L’introduction du texte d’Ésaïe 61 par la mention explicite de l’Esprit du Seigneur marque une rupture décisive dans la structure prophétique et une transition vers une espérance intensifiée. Le thème de l’Esprit, en lien avec l’onction et la mission jubilatoire, ancre ce passage dans la dynamique de l’Alliance renouvelée.
L'Esprit du Seigneur comme sceau eschatologique
« L’Esprit du Seigneur, l’Éternel, est sur moi… » (És 61.1)
Dans la tradition de l’Ancien Testament, l'Esprit est rarement présenté comme demeurant de manière permanente sur des individus, sauf dans des cas exceptionnels (Moïse, les juges, David). Ici, le langage rappelle Ésaïe 11.2 et 42.1, où l’Esprit repose sur un Serviteur-Roi futur, porteur de justice et de restauration.
Cette figure est unique : elle concentre à la fois les rôles de roi, de prophète et de prêtre — ce que seul le Messie peut accomplir. L’Esprit devient alors l’agent de consécration pour la mission messianique et le garant de sa validité divine.
Une onction jubilatoire
L’onction n’est pas seulement un rite ou une image : elle est l’investiture divine pour inaugurer le jubilé ultime. Le Serviteur oint est mandaté pour :
Proclamer (et non implorer) l’année de grâce ;
Libérer (et non simplement annoncer la délivrance) ;
Consoler les affligés par la présence active du salut de Dieu.

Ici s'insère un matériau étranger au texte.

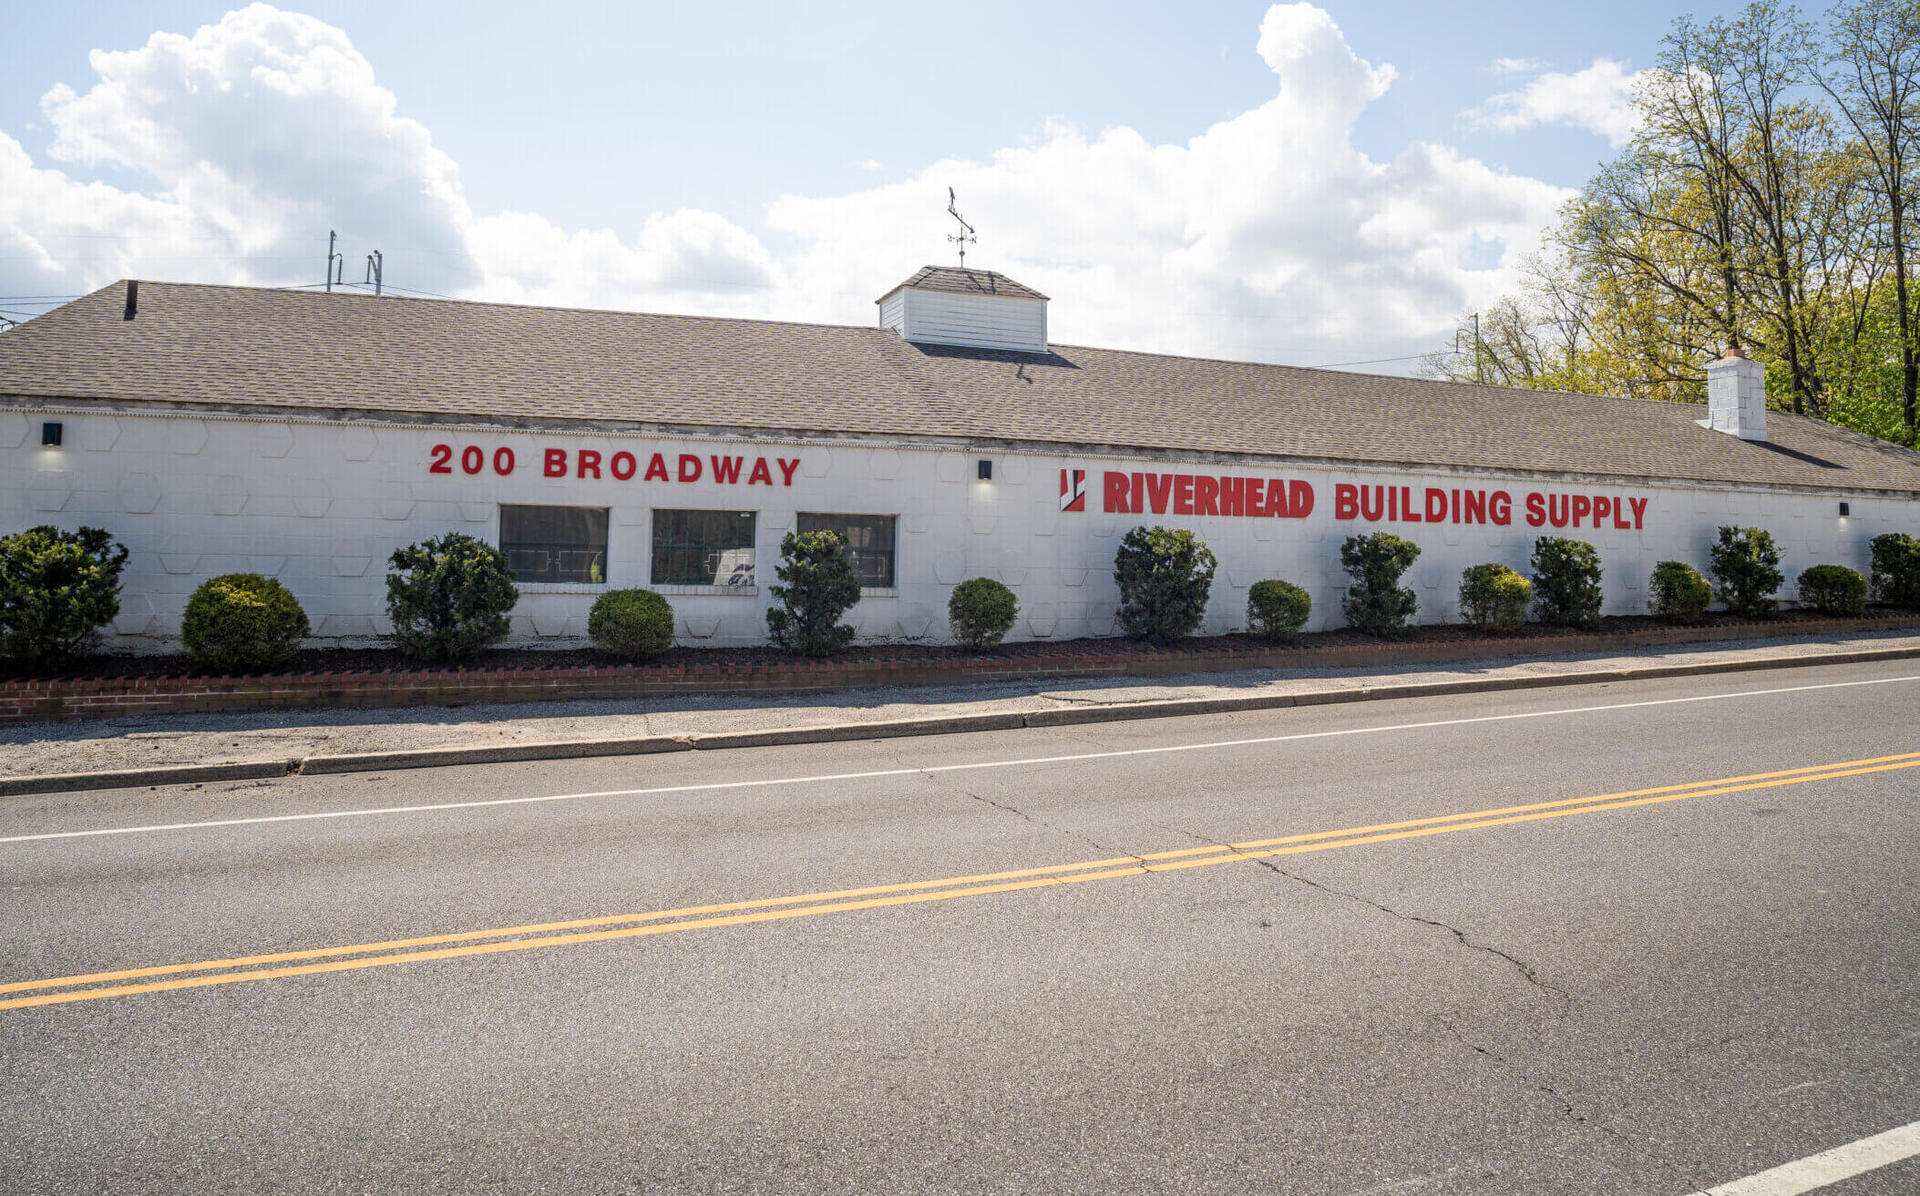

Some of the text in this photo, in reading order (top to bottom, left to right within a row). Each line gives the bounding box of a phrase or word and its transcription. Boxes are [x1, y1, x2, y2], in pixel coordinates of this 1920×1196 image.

[429, 444, 801, 487] 200 BROADWAY
[1103, 471, 1649, 530] RIVERHEAD BUILDING SUPPLY

Autrement dit, l’Esprit rend effectif ce que l’homme ne pouvait réaliser. L’humanité avait reçu la loi du jubilé (Lév 25), mais sans la puissance de l’Esprit, elle fut incapable de l’accomplir. Le Messie, lui, vient par l’Esprit, pour établir un jubilé de grâce réel, permanent et transformateur.
Le lien entre onction et mission
Cette onction messianique engage un ministère centré sur l’homme déchu : pauvre, brisé, captif, endeuillé. Ce n’est pas un ministère de pouvoir politique, mais de restauration spirituelle et communautaire, enracinée dans la justice et la miséricorde de Dieu.
Le parallèle avec Luc 4.18–21, où Jésus lit ce passage dans la synagogue de Nazareth, en affirmant : « Aujourd’hui, cette parole de l’Écriture est accomplie », scelle l’interprétation christologique de cette onction. L’Esprit du Seigneur repose pleinement sur Jésus, qui réalise dans sa personne et son œuvre la mission jubilatoire.
Le rôle de l’Esprit dans Ésaïe 61 n’est donc pas périphérique : il est au cœur de l’identité et de l’action du Messie. Le jubilé ne se comprend qu’à la lumière de cette onction : c’est l’Esprit qui inaugure le royaume de grâce, rend possible la libération et ouvre un horizon eschatologique où l’Alliance est restaurée dans toute sa gloire.